The fifth track of a Taylor Swift album is well-known by fans as the emotional core of the album. And “You’re On Your Own, Kid” is no different. It begins unassumingly, describing a kid who longs to escape their hometown. Then, the lyrics become more and more personal, referencing Swift’s battle with insecurities and the downfall of her emotions. The track serves as a cautionary tale and a reminder to remember the good in difficult situations.

The 11th track, “Karma,” was a shock to fans, who saw the word thrown around in easter eggs around the release of Swift’s Reputation (see “The Man” music video) and believed it to be the title of an unreleased album.

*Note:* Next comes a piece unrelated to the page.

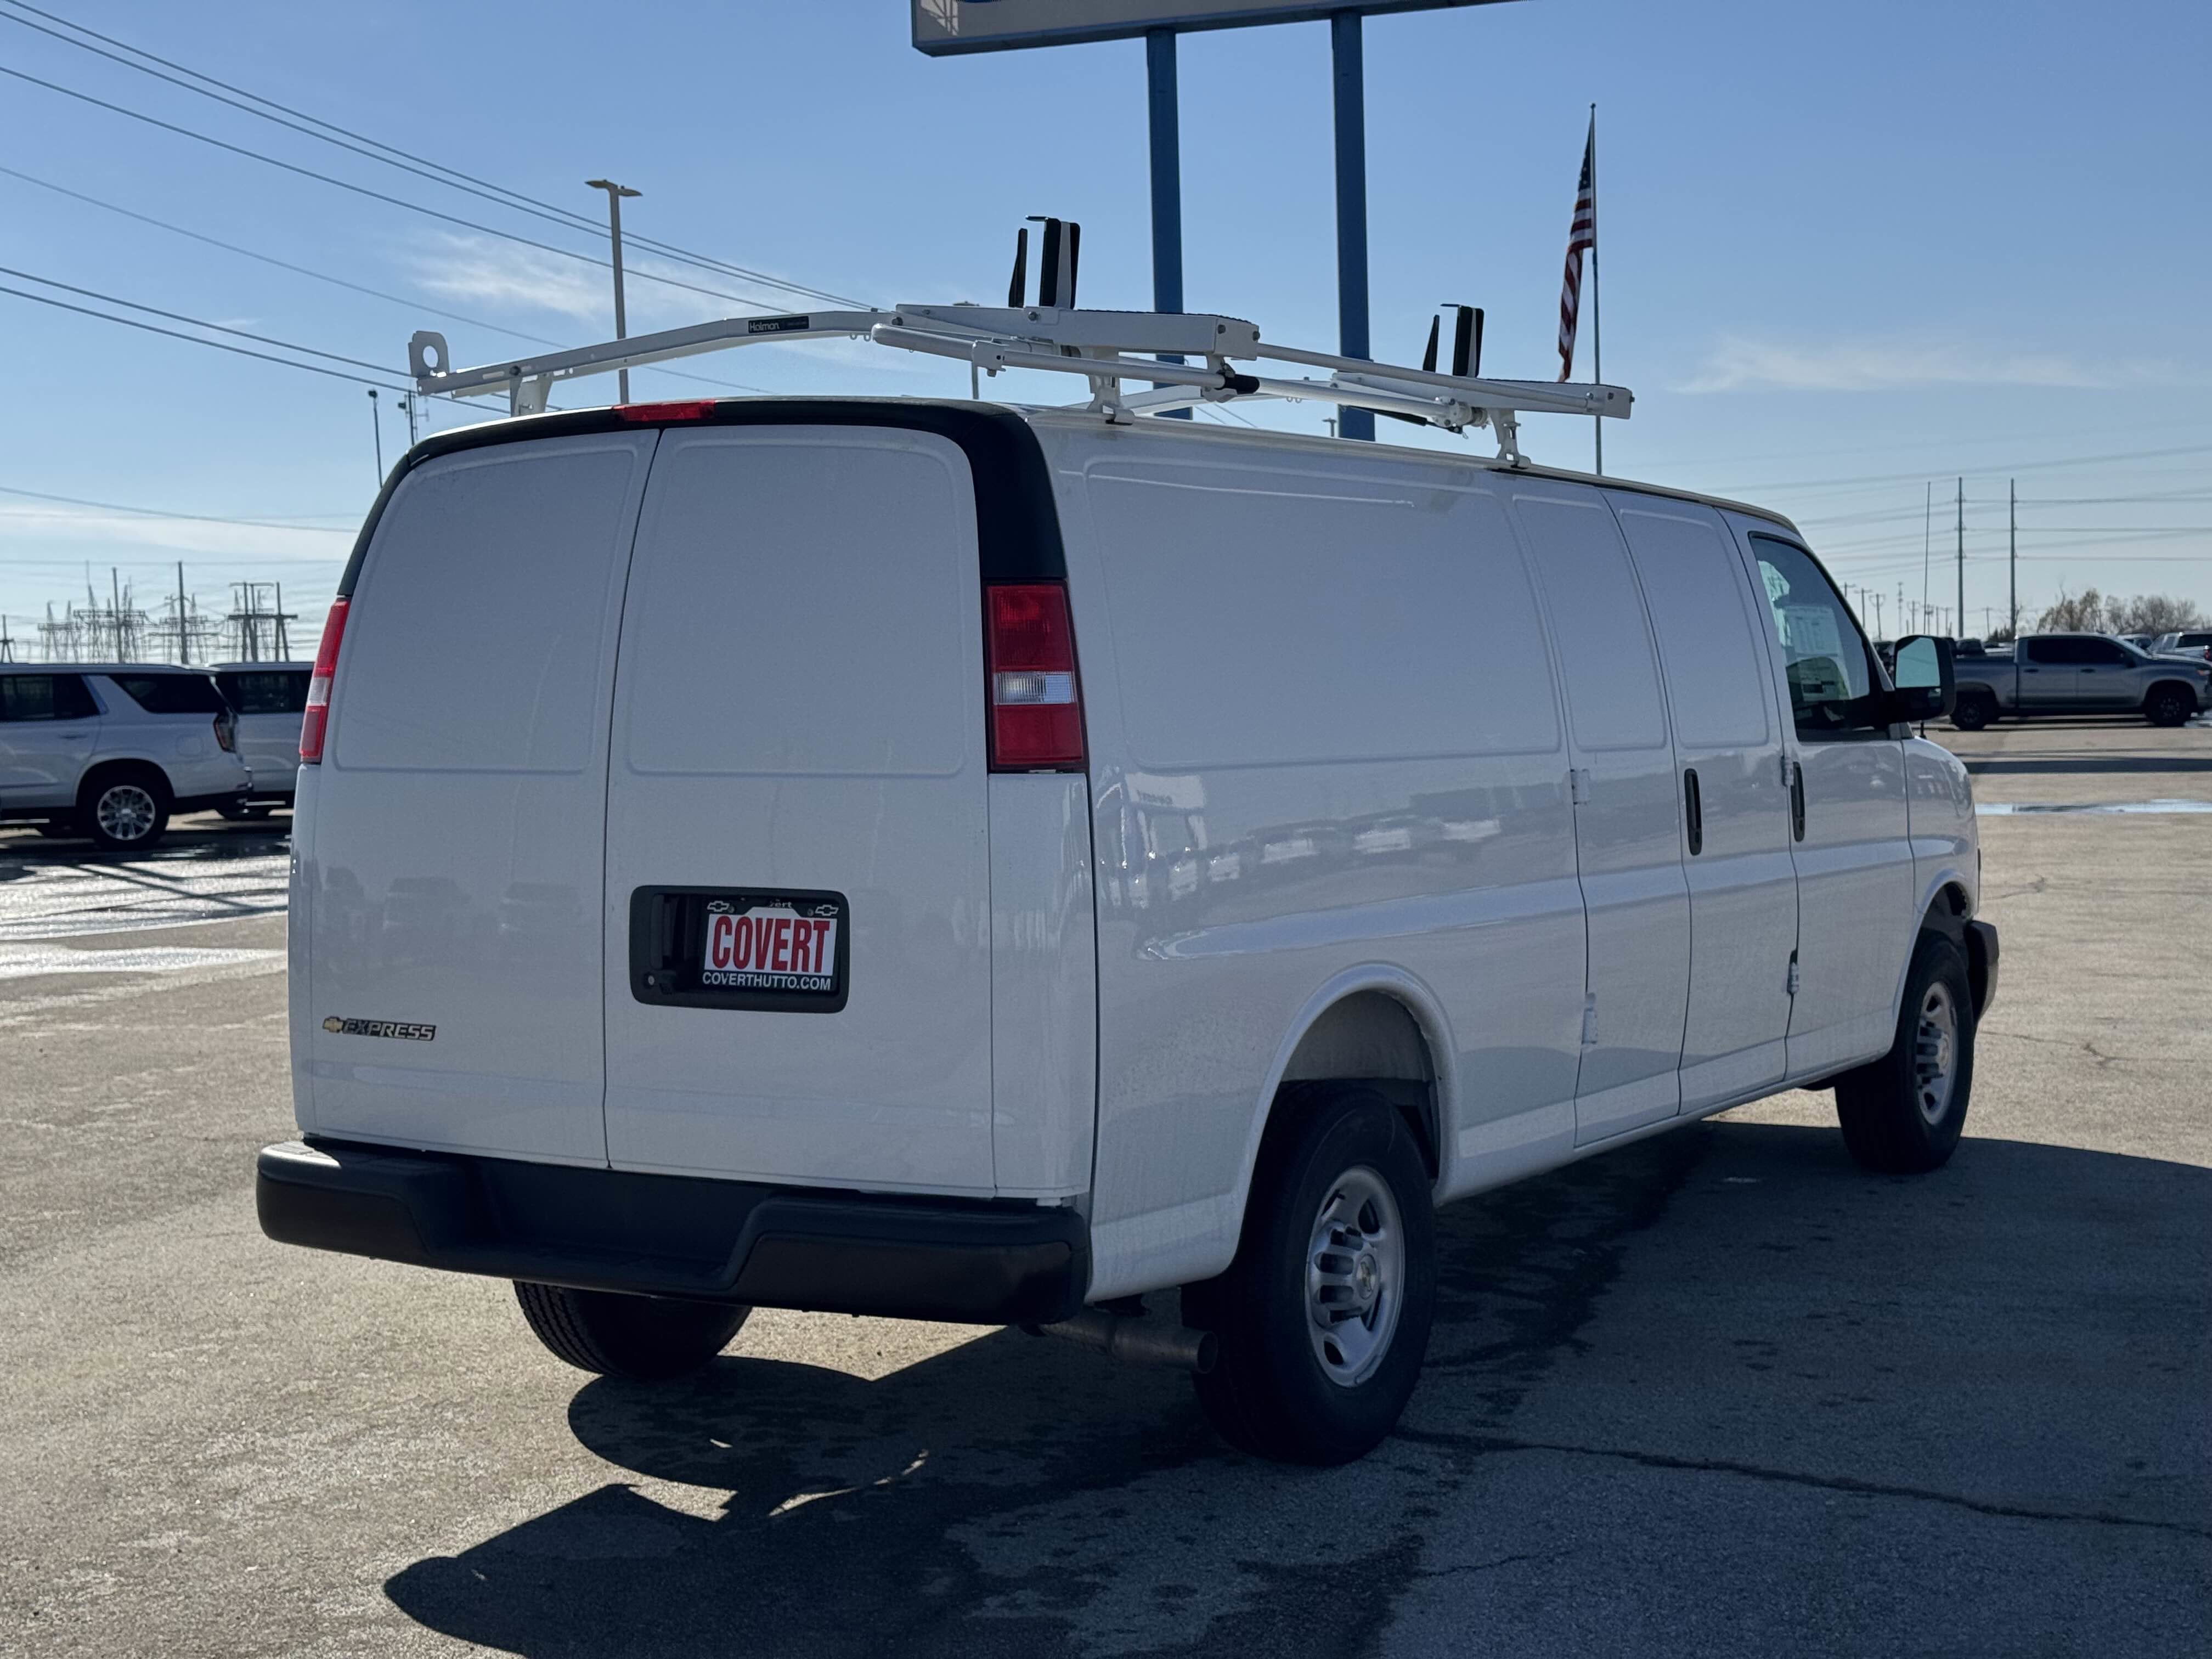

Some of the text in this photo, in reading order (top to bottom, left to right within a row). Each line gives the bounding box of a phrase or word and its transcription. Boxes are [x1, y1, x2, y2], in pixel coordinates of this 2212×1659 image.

[749, 321, 780, 332] Holman
[713, 916, 830, 973] COVERT
[703, 972, 831, 990] COVERTHUTTO.COM
[343, 1019, 435, 1041] EXPRESS
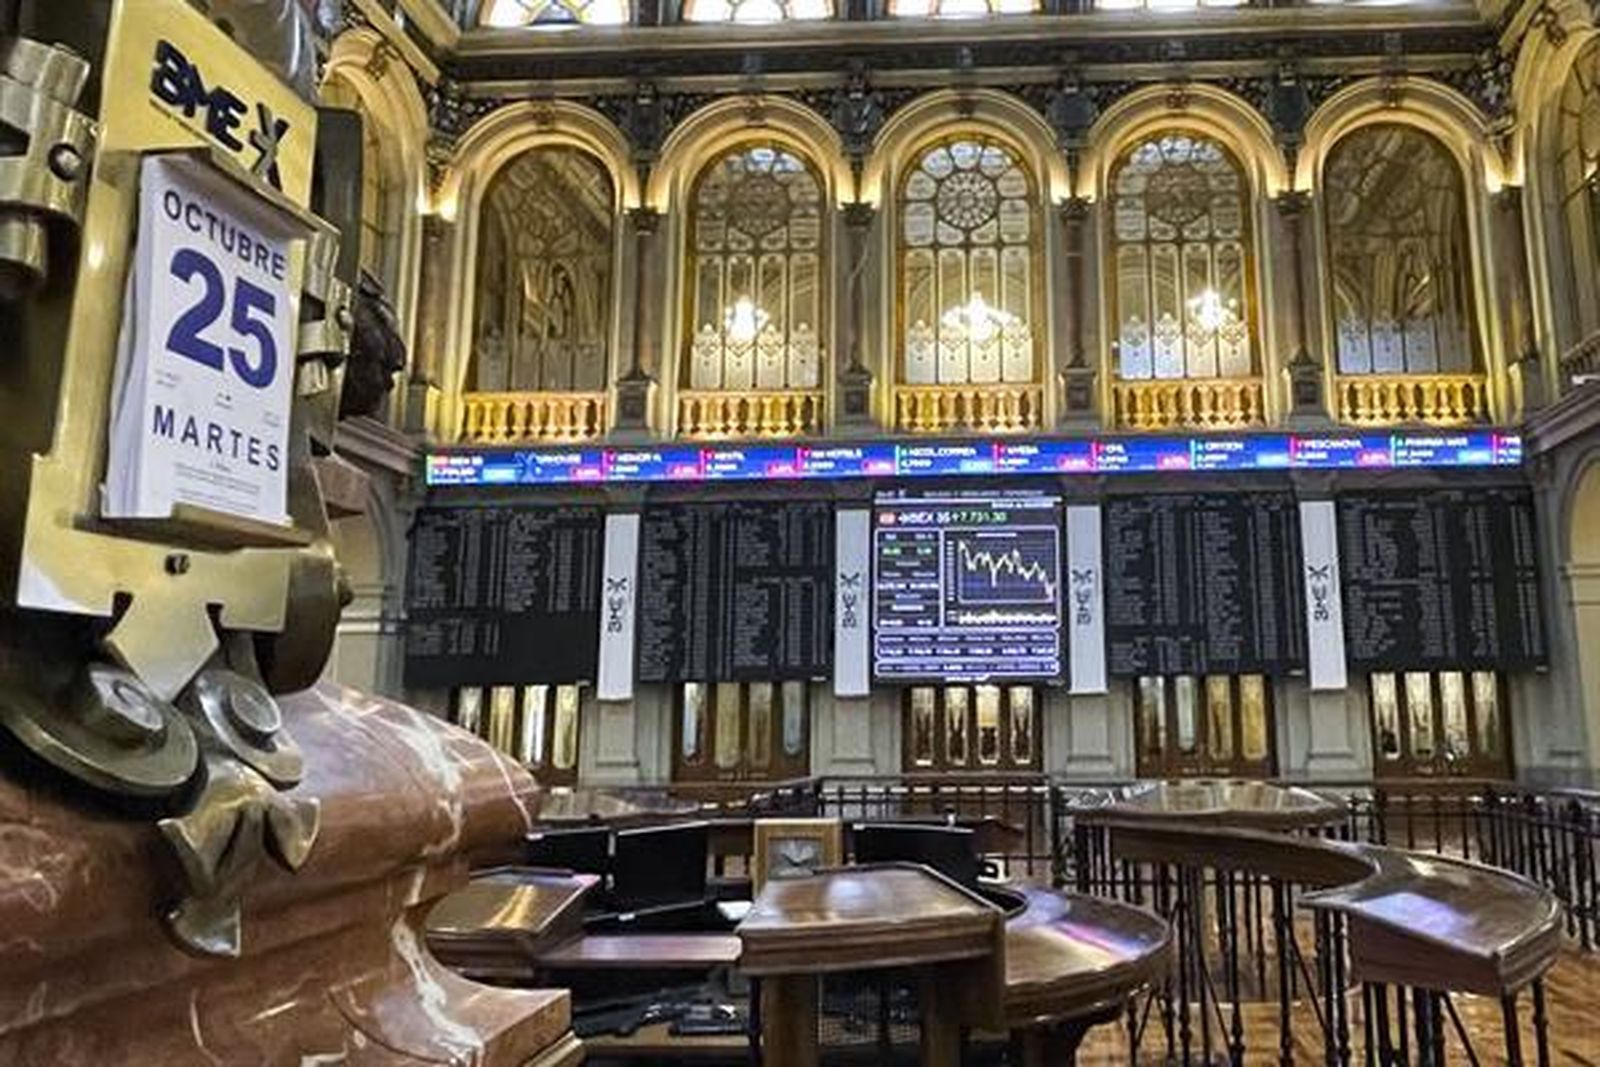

The song itself is poppy and sassy, and Swift also adds humorous notes about how “Karma is a cat/Purring in my lap ‘cause it loves me.” Despite Swift’s desire for revenge against the people who wronged her (“Vigilante Shit”), Swift is content that she is successful and karma stays on her good side.

Swift’s emotions are on a broad spectrum in Midnights. At some points, she is confident and self-assured, while at others the most self-hating she has ever appeared. Sometimes she wants to get revenge, other times, she wants to confess her devoted love for her partner. Regardless of how arbitrary these feelings may seem, they accurately depict a woman contemplating different parts of her life at different stages.

While Swifts’ Midnights could be perceived as a not entirely cohesive collection of twenty songs, the album is definitively fun and new. Although Swift’s lyrics explore topics that leave her at her most vulnerable, her return to pop makes some of the darkest situations beautiful in their disarray. Swift is dazzling like a mirrorball throughout every song, and the project is unabashedly a delve into her mind when the clock strikes midnight.